- What you need to do
Produce a word-for-word copy of the data that follows, excluding images.
[The records — start]
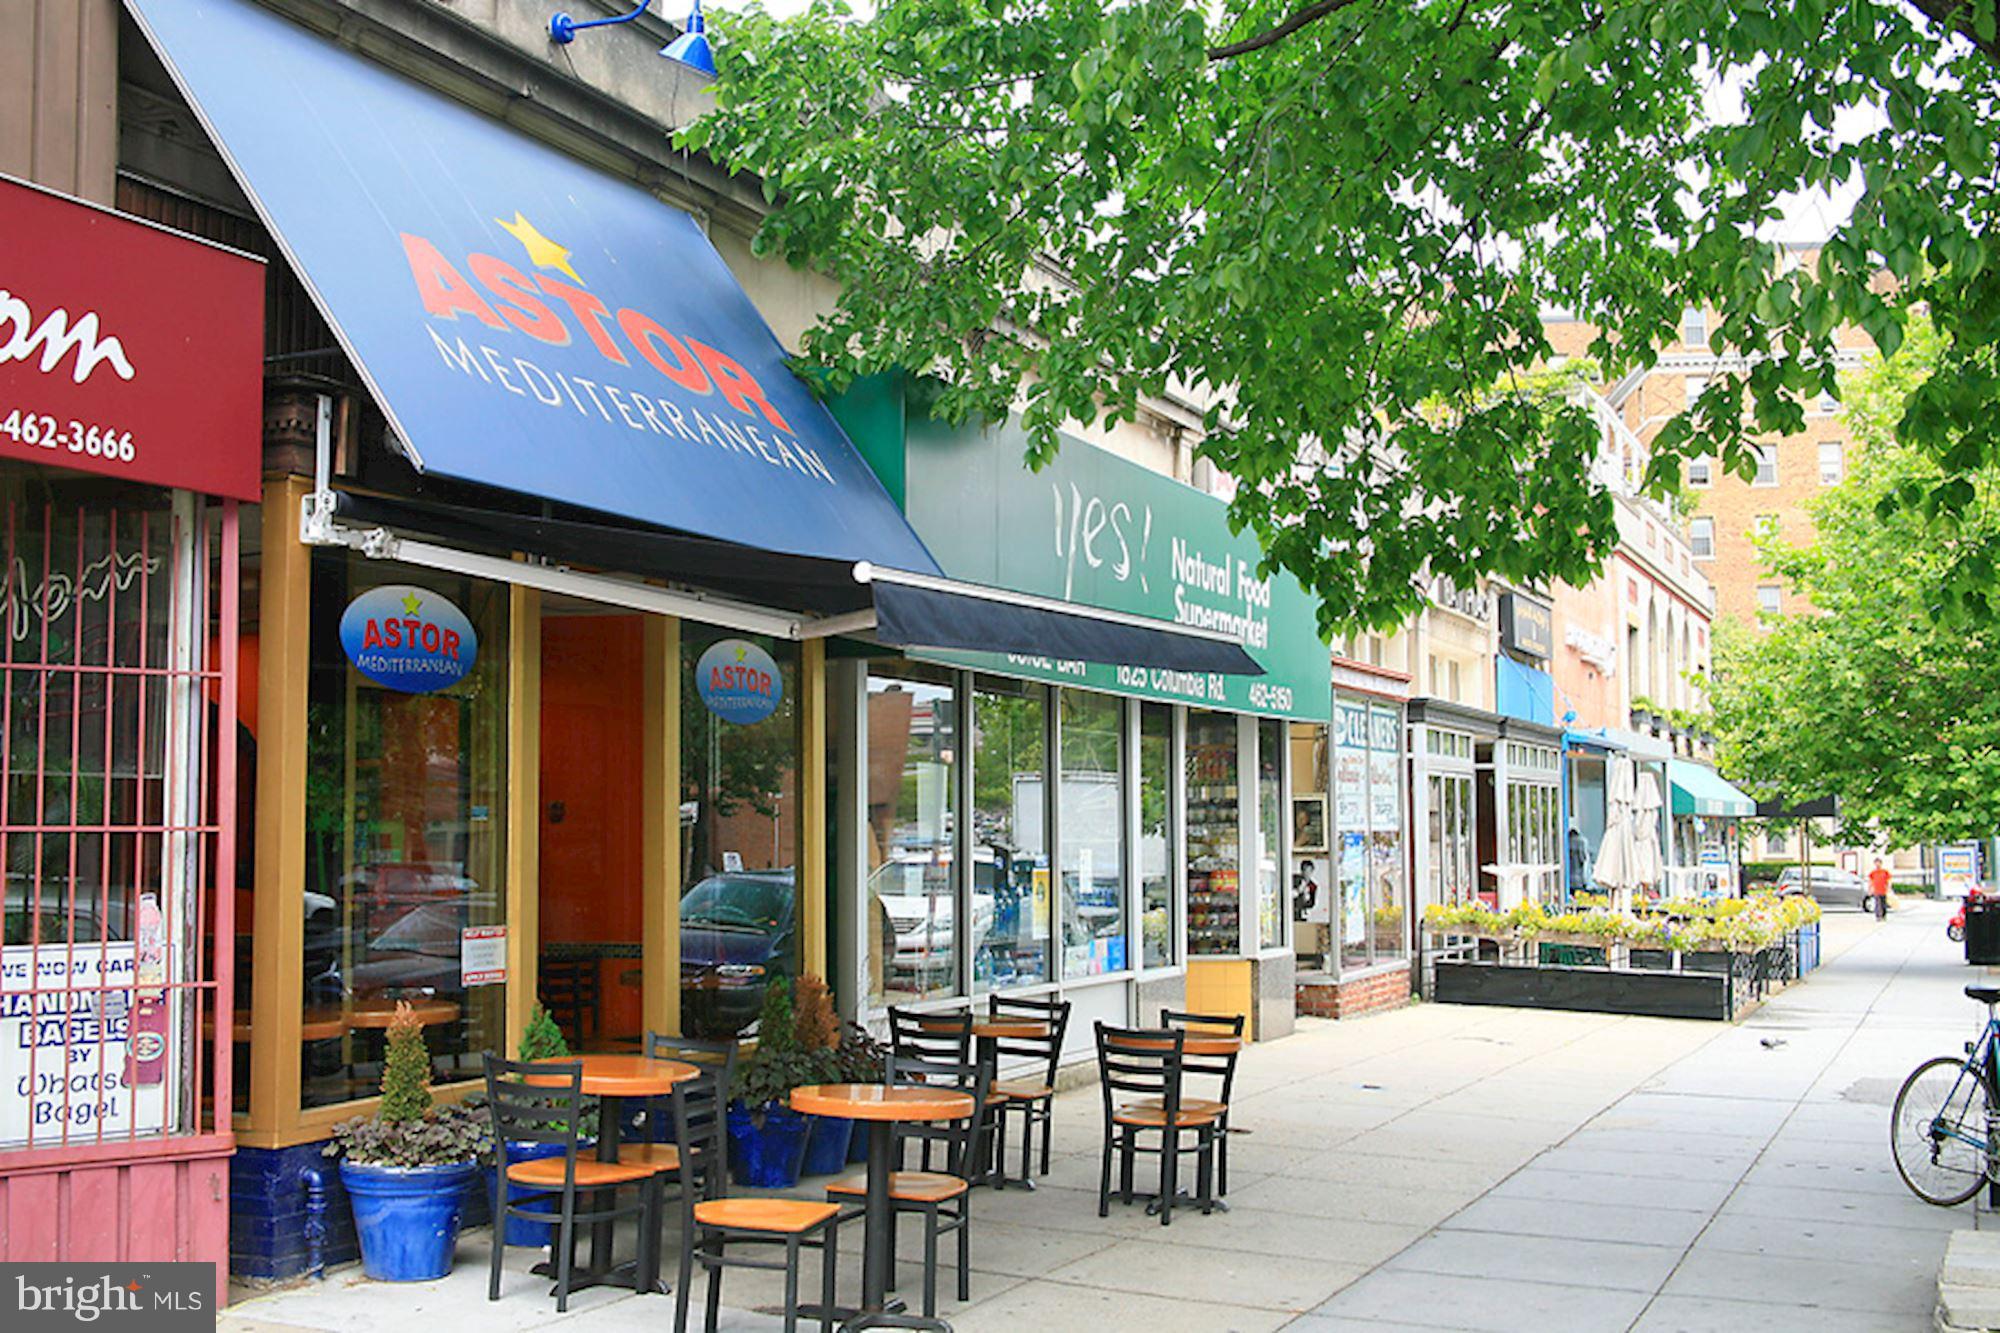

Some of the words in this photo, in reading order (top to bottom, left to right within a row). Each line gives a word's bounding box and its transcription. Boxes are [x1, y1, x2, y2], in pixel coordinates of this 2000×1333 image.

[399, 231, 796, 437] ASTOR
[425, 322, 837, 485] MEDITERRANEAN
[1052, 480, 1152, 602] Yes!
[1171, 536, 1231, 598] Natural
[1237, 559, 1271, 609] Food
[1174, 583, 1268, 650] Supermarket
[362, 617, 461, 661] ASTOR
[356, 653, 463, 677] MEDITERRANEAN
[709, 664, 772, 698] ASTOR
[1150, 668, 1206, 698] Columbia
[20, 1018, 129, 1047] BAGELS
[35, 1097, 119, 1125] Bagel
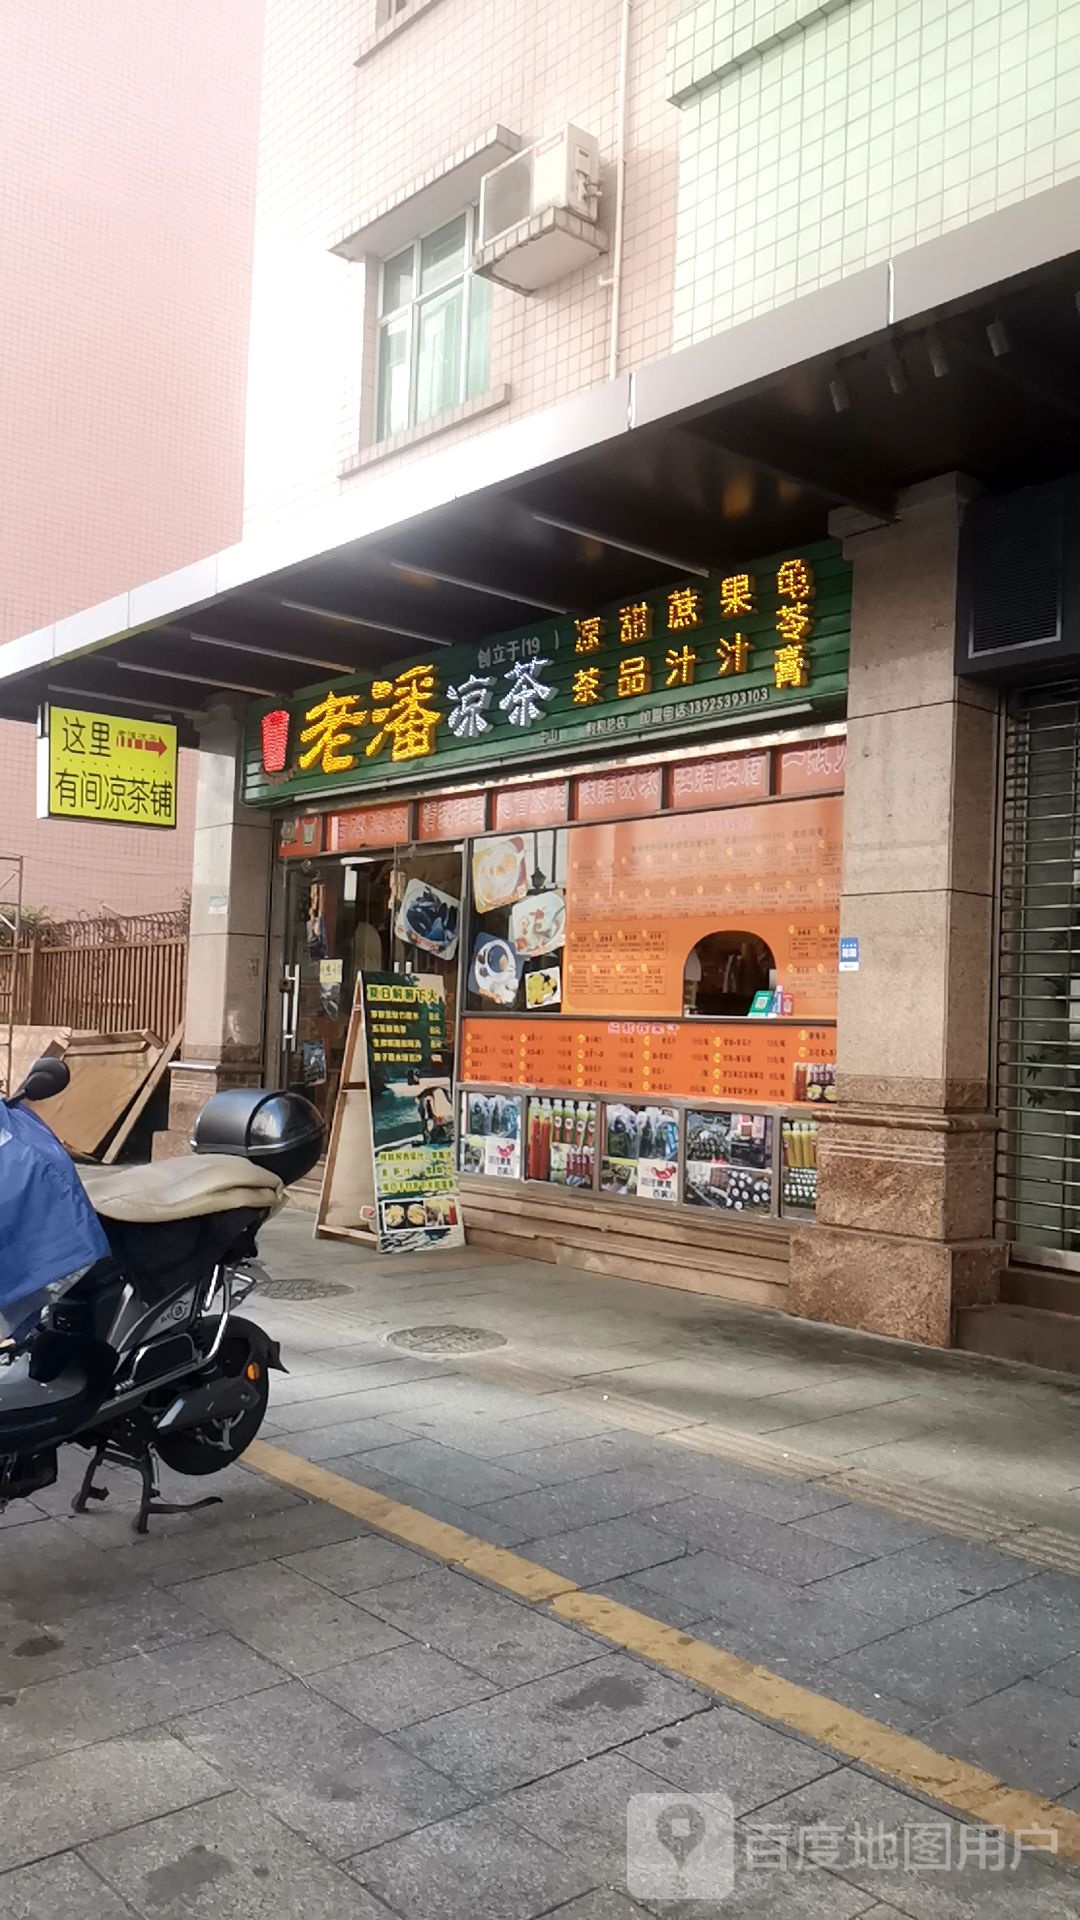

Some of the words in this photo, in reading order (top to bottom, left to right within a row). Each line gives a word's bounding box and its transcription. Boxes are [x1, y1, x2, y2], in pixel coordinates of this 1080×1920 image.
[The records — finish]
- Task answer
Some of the words in this photo, in reading order (top to bottom, left to right within a row). Each line gives a word's bounding box and its transcription. Boxes are [x1, y1, x2, y2], in pixel coordinates of this 2000×1333 image.

[399, 231, 796, 437] ASTOR
[425, 322, 837, 485] MEDITERRANEAN
[1052, 480, 1152, 602] Yes!
[1171, 536, 1231, 598] Natural
[1237, 559, 1271, 609] Food
[1174, 583, 1268, 650] Supermarket
[362, 617, 461, 661] ASTOR
[356, 653, 463, 677] MEDITERRANEAN
[709, 664, 772, 698] ASTOR
[1150, 668, 1206, 698] Columbia
[20, 1018, 129, 1047] BAGELS
[35, 1097, 119, 1125] Bagel

Some of the words in this photo, in reading order (top to bottom, left to right within a row). Each line gives a word's bounding box and its transcription. Boxes are [x1, y1, x2, y2], in pixel coordinates of this 1080×1920 image.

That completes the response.